Essa decisão criou dois grupos de idosos: o primeiro, que tomou a vacina, e o segundo, composto por pessoas que tinham 79 anos ou mais no momento da introdução do programa de vacinação e, portanto, não foram vacinadas imediatamente.
Estudo e seus resultados
A pesquisa, que envolveu mais de 296.000 pessoas, analisou os dados de indivíduos de ambos os grupos durante sete anos, entre os 71 e os 79 anos. A diferença entre os grupos era simples: enquanto o primeiro grupo recebeu a vacina, o segundo grupo não a recebeu, pois já tinha mais de 79 anos quando o programa começou.
Ao comparar a incidência de casos de demência entre os dois grupos, os pesquisadores descobriram uma redução significativa de 20% nos casos de demência entre os indivíduos que foram vacinados contra herpes zoster, em comparação com os não vacinados.
Esse efeito foi particularmente notável entre as mulheres, onde a redução foi ainda mais expressiva. Esses dados fornecem uma evidência promissora de que a vacina contra herpes zoster pode, de fato, ajudar a reduzir o risco de demência.
Desafio das causas e mecanismos
Embora a pesquisa tenha demonstrado uma redução significativa nos casos de demência entre os vacinados, o estudo não conseguiu esclarecer completamente os mecanismos por trás dessa redução.
Por que a vacina contra o herpes zoster parece ter esse efeito protetor?
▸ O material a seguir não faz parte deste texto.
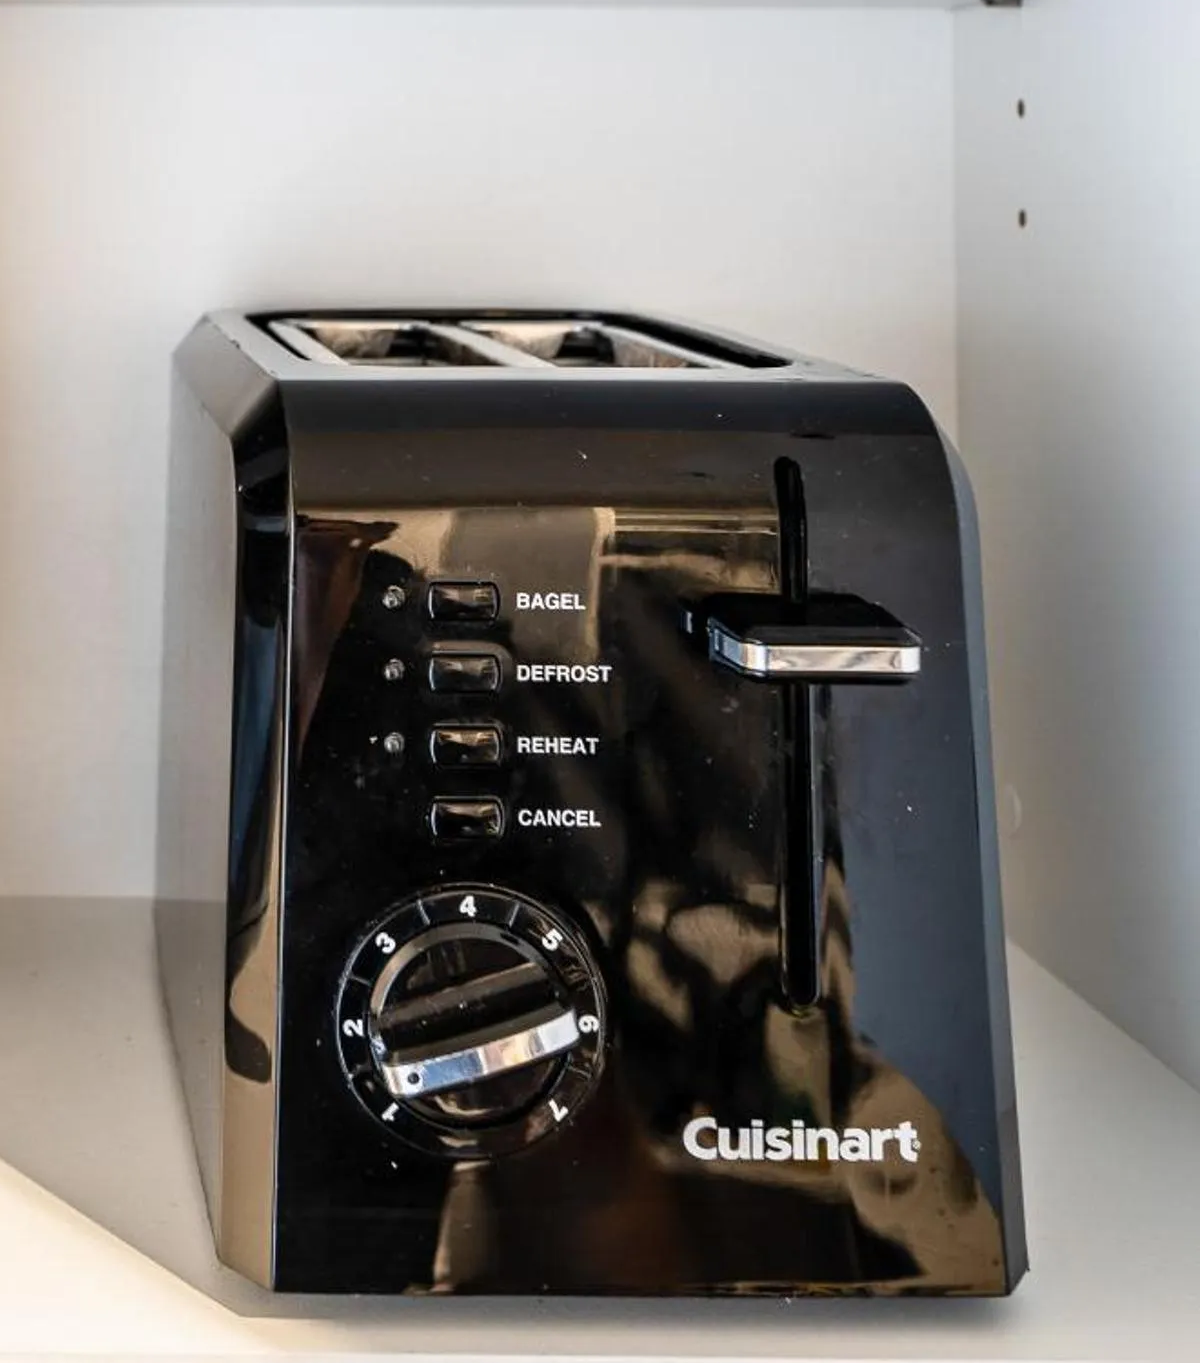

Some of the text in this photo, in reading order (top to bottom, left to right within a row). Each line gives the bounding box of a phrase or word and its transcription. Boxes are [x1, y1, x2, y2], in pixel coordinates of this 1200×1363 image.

Os cientistas ainda não sabem exatamente como a vacina influencia a redução do risco de demência, e mais estudos serão necessários para explorar essa questão.
Pode ser que a vacina ajude a prevenir a reativação do vírus no sistema nervoso, evitando danos neurológicos, ou talvez haja outros fatores imunológicos em jogo.
A relevância da vacina para a saúde pública
Apesar das questões não resolvidas sobre os mecanismos exatos, os resultados desse estudo são significativos. A vacina contra herpes zoster já é recomendada para idosos como medida de prevenção contra o herpes zoster, uma condição extremamente dolorosa e debilitante.
Com essa nova descoberta, há um argumento adicional para que os idosos continuem a receber essa vacina, não apenas para prevenir a dor do herpes zoster, mas também para possivelmente reduzir o risco de demência.
Em muitos países, incluindo o Brasil, a vacina contra herpes zoster já está disponível para a população idosa, e os resultados deste estudo britânico podem incentivar ainda mais sua adoção e aumentar a conscientização sobre seus benefícios.
Com o aumento da longevidade da população, iniciativas como essa representam uma esperança real para melhorar a qualidade de vida das pessoas na terceira idade e prevenir doenças devastadoras como a Doença de Alzheimer.